_WHAT IS BEING ASKED_
Every record below must be copied exactly, with images dropped.

_DATA RECORDS_
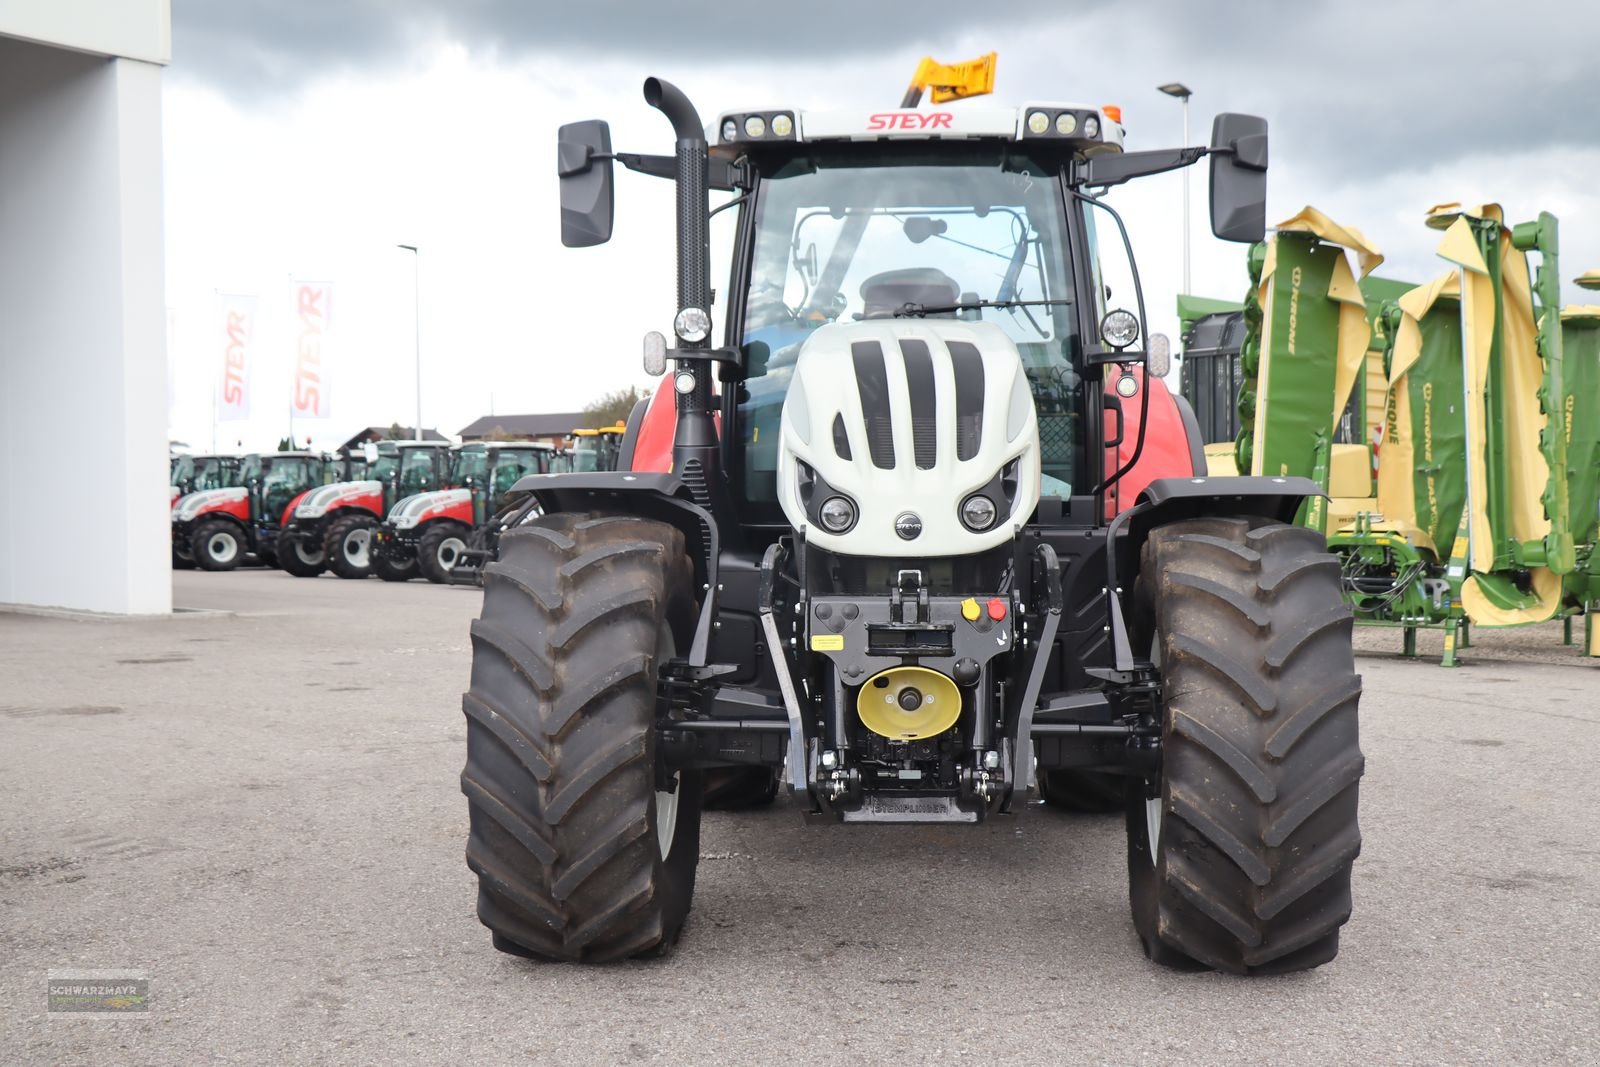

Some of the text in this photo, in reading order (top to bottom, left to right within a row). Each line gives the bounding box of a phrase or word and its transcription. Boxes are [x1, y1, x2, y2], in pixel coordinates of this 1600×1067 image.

[866, 113, 953, 130] STEYR
[225, 310, 245, 406] STEYR
[296, 286, 322, 416] STEYR
[874, 803, 949, 814] STEMPLINGER
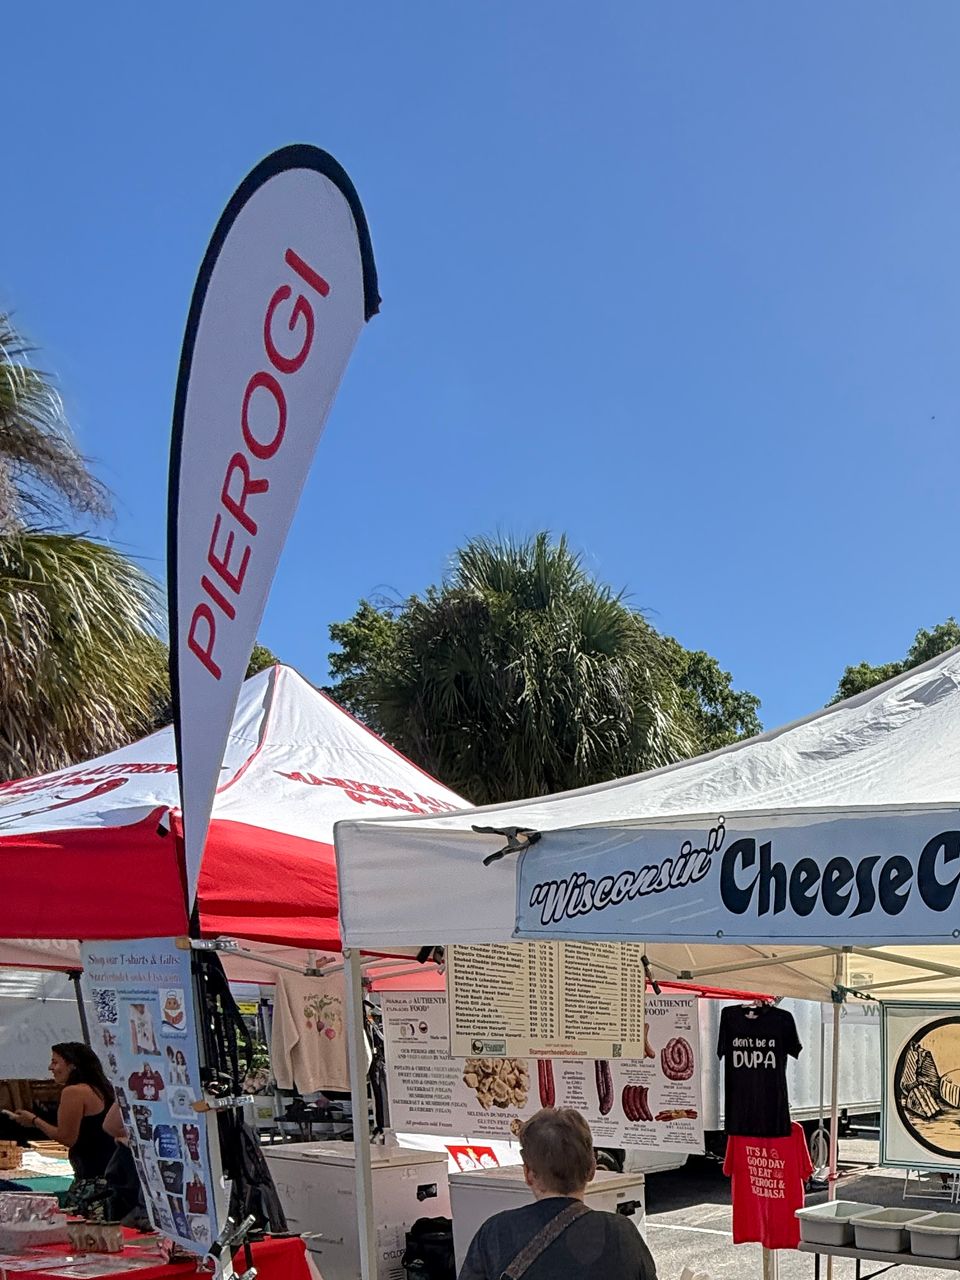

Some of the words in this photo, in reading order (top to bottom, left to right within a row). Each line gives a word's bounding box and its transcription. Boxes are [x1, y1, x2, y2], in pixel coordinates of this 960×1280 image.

[188, 248, 330, 680] PIEROGI
[529, 824, 724, 926] "Wisconsin"
[120, 954, 149, 965] T-shirts
[733, 1038, 753, 1048] don't
[756, 1038, 767, 1048] be
[769, 1040, 775, 1048] a
[733, 1051, 776, 1069] DUPA
[746, 1146, 760, 1156] IT'S
[762, 1148, 767, 1157] A
[747, 1156, 767, 1166] GOOD
[769, 1159, 785, 1169] DAY
[748, 1166, 757, 1175] TO
[758, 1168, 772, 1178] EAT
[778, 1180, 785, 1189] &
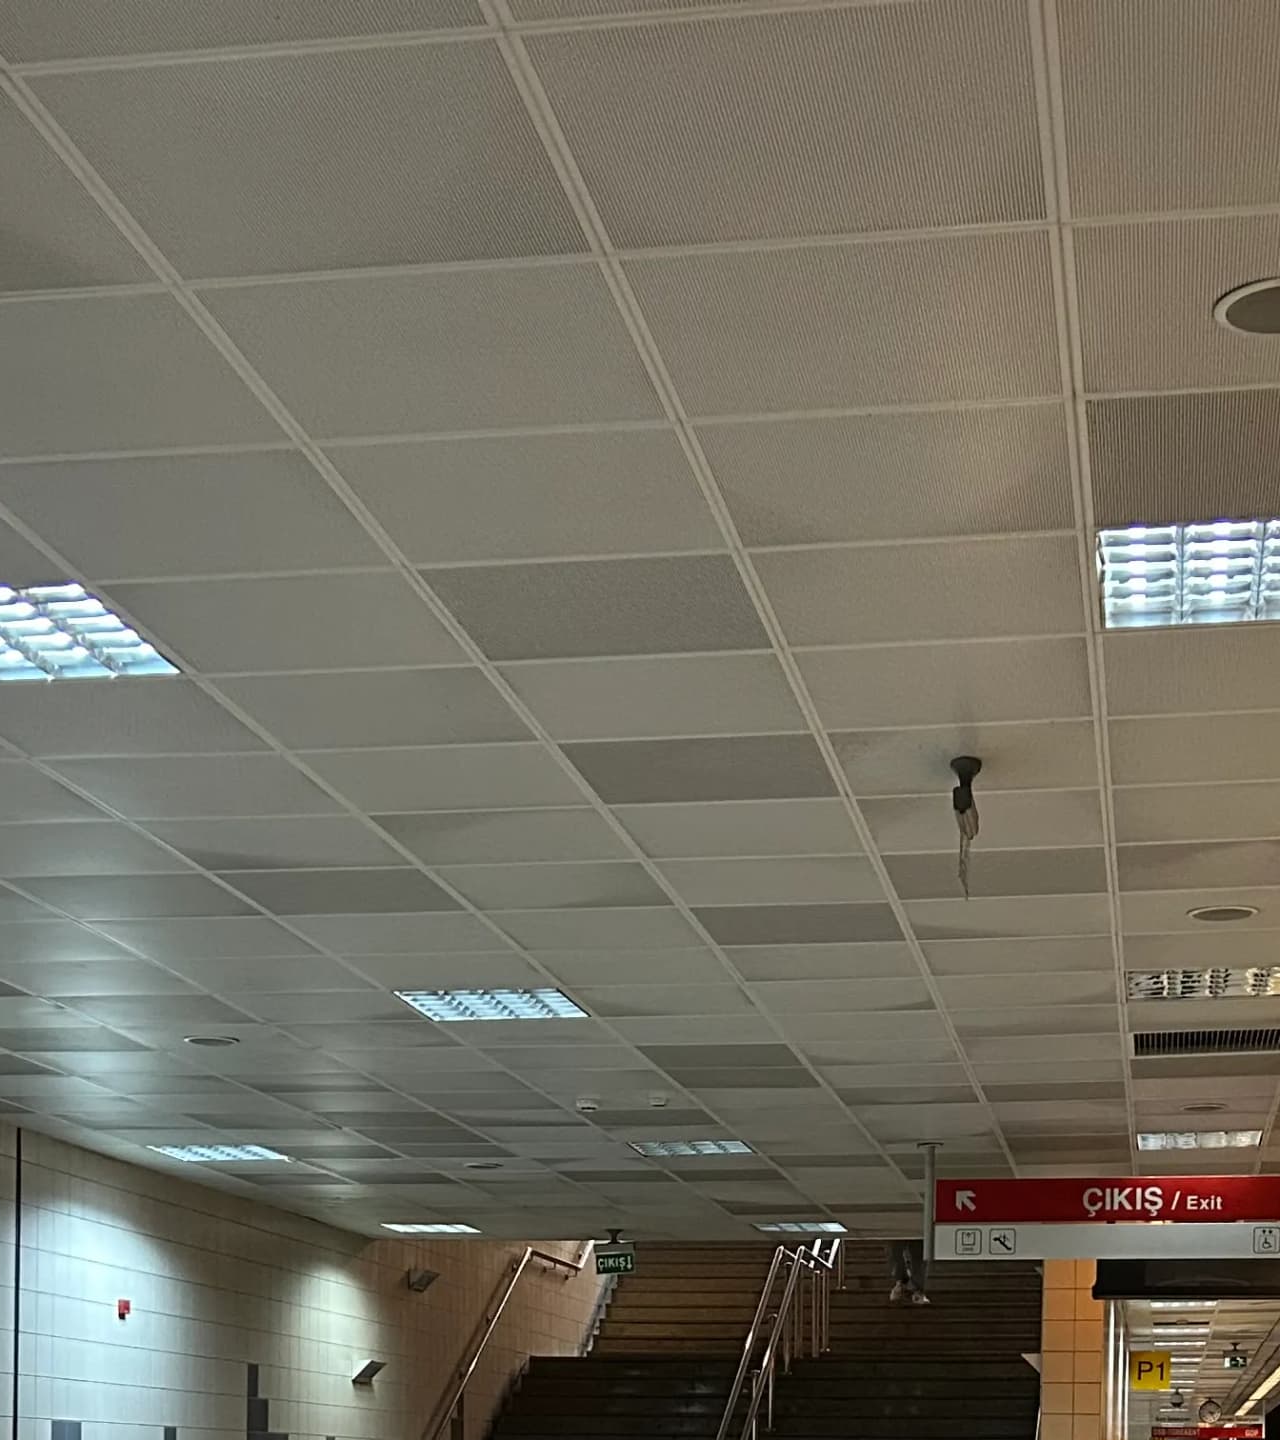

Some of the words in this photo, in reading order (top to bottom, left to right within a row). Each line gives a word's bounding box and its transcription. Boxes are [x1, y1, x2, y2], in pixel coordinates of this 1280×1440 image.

[1083, 1187, 1163, 1217] ÇIKIŞ
[1187, 1195, 1222, 1210] Exit
[1137, 1361, 1165, 1380] P1
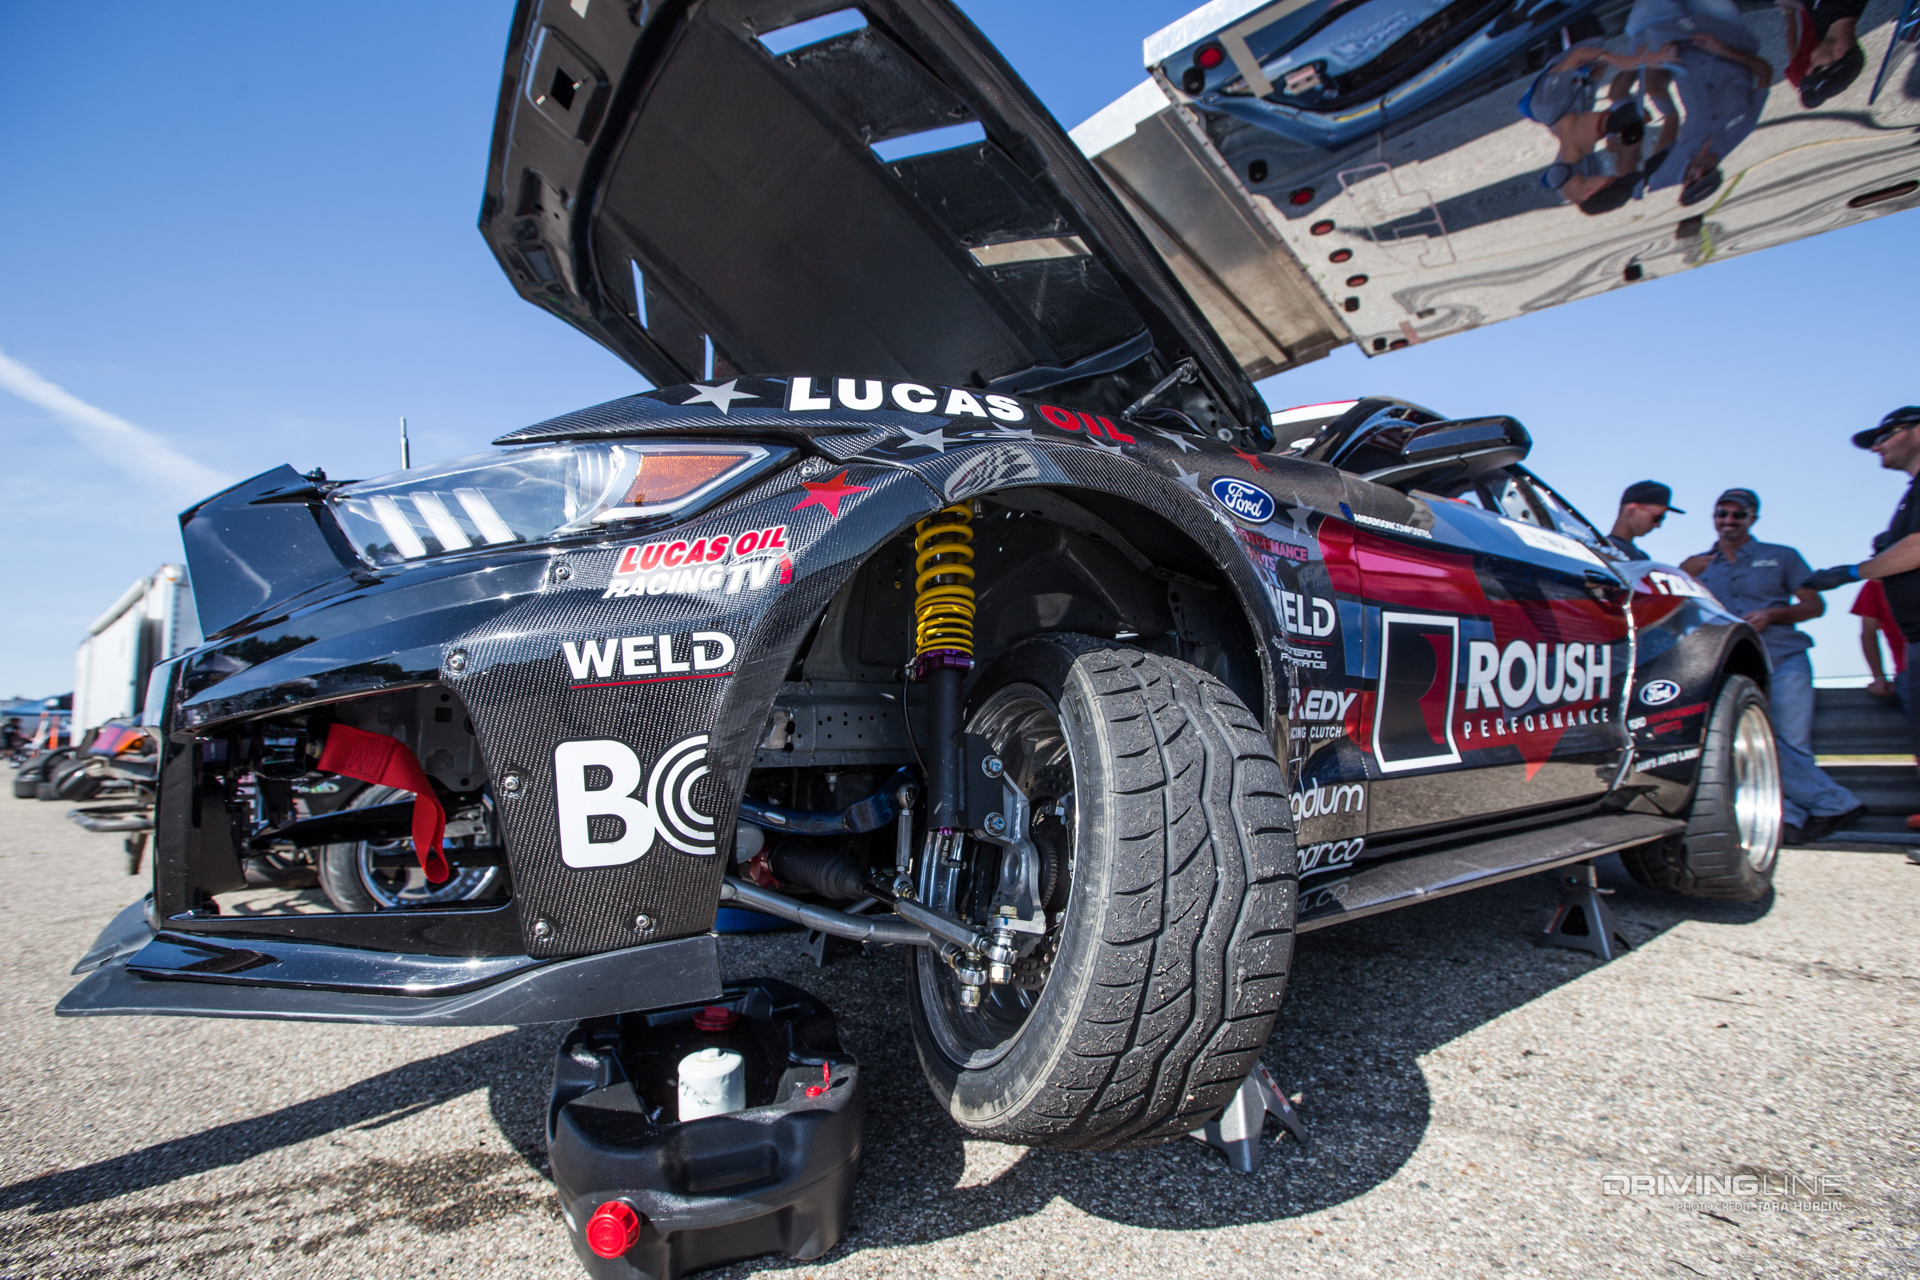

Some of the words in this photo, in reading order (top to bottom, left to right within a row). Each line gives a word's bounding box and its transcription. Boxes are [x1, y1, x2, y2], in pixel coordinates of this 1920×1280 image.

_WRITTEN RESPONSE_
Some of the text in this photo, in reading order (top to bottom, left to right within a row). Each line gives the bounding box of a phrase or word and its transcription. Boxes are [x1, y1, x2, y2], in pixel coordinates of this 1600×1067 image.

[866, 113, 953, 130] STEYR
[225, 310, 245, 406] STEYR
[296, 286, 322, 416] STEYR
[874, 803, 949, 814] STEMPLINGER

Some of the words in this photo, in reading order (top to bottom, left to right within a row). Each line gives a word's bounding box and its transcription. Boxes are [x1, y1, x2, y2], in pixel coordinates of this 960×1280 image.

[188, 248, 330, 680] PIEROGI
[529, 824, 724, 926] "Wisconsin"
[120, 954, 149, 965] T-shirts
[733, 1038, 753, 1048] don't
[756, 1038, 767, 1048] be
[769, 1040, 775, 1048] a
[733, 1051, 776, 1069] DUPA
[746, 1146, 760, 1156] IT'S
[762, 1148, 767, 1157] A
[747, 1156, 767, 1166] GOOD
[769, 1159, 785, 1169] DAY
[748, 1166, 757, 1175] TO
[758, 1168, 772, 1178] EAT
[778, 1180, 785, 1189] &

Some of the words in this photo, in reading order (top to bottom, left to right within a row). Each line gives a word's bounding box and its transcription. Boxes are [x1, y1, x2, y2], in pixel coordinates of this 1280×1440 image.

[1083, 1187, 1163, 1217] ÇIKIŞ
[1187, 1195, 1222, 1210] Exit
[1137, 1361, 1165, 1380] P1

Some of the words in this photo, in reading order (top to bottom, left to right within a row). Each line gives a word's bounding box and its transcription. Boxes are [x1, y1, x2, y2], in pixel coordinates of this 1920×1280 image.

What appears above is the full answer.